=== Begin Enclosure ===

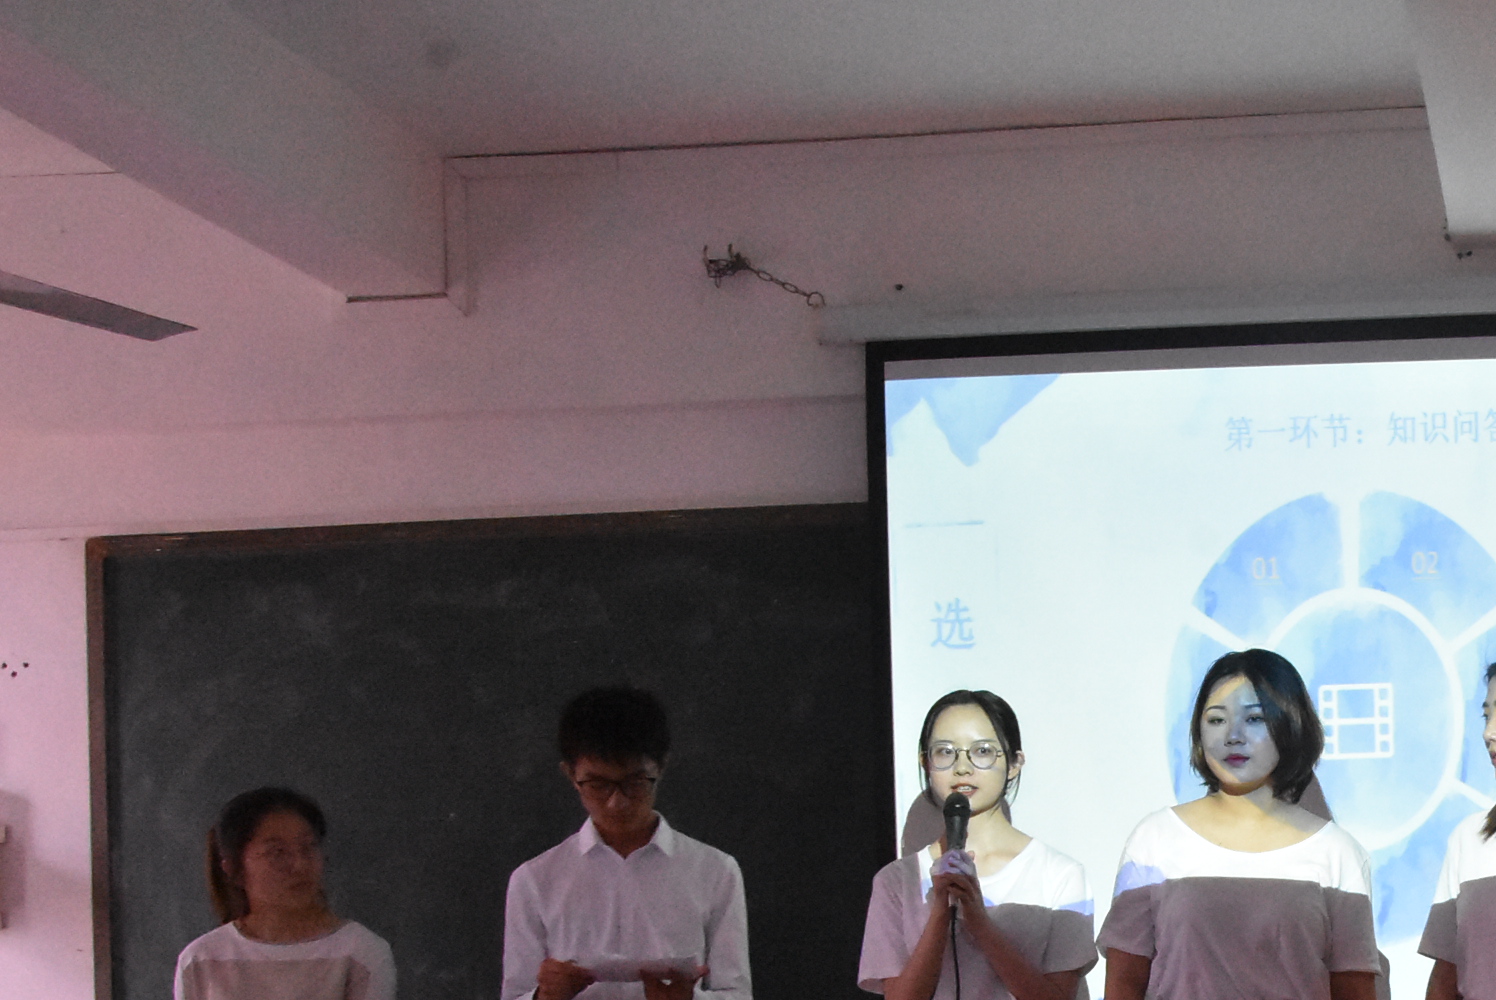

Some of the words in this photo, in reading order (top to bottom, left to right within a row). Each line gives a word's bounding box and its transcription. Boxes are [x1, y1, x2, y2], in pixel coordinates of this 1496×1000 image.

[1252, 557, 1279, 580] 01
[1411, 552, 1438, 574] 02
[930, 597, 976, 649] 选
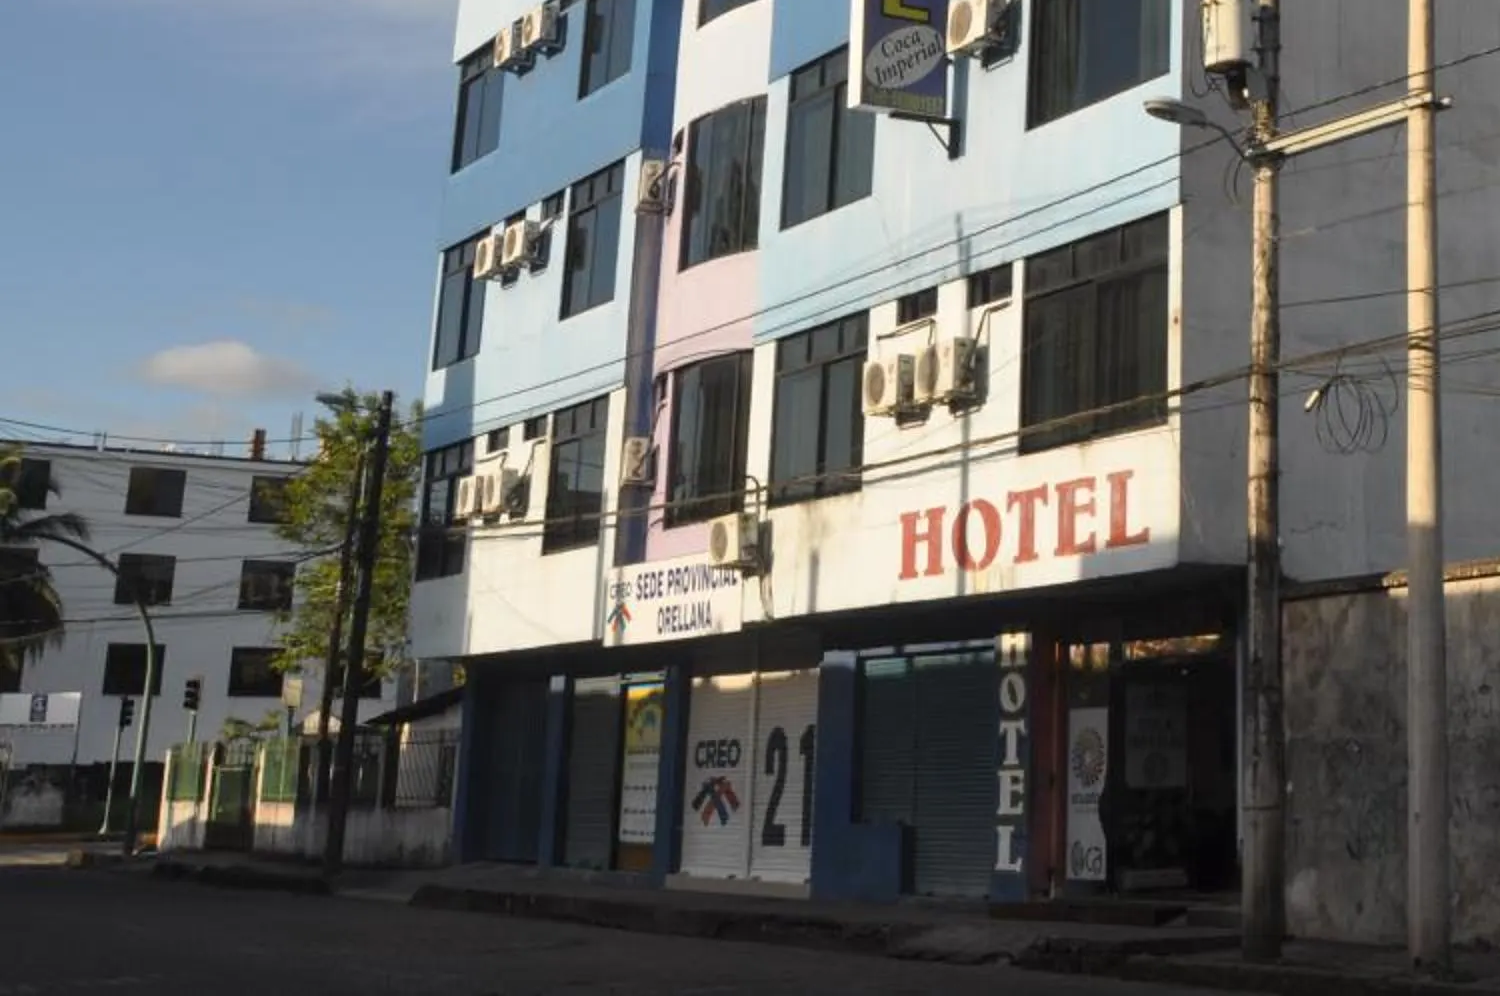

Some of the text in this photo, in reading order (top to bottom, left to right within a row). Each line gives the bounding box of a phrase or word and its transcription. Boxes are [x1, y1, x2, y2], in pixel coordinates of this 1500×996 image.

=== End Enclosure ===

THE PROBLEM:
A verbatim copy of every record is to be produced, and pictures are to be excluded from it.

WRITTEN RESPONSE:
Some of the words in this photo, in reading order (top to bottom, left to right within a row). Each line gives a word's bounding box and its transcription. Boxes are [x1, y1, x2, y2], in pixel coordinates of this 1496×1000 image.

[1252, 557, 1279, 580] 01
[1411, 552, 1438, 574] 02
[930, 597, 976, 649] 选

Some of the text in this photo, in reading order (top to bottom, left to right within a row). Each line gives the bounding box of a phrase or word and its transcription. Boxes are [x1, y1, x2, y2], in pixel coordinates of this 1500×996 image.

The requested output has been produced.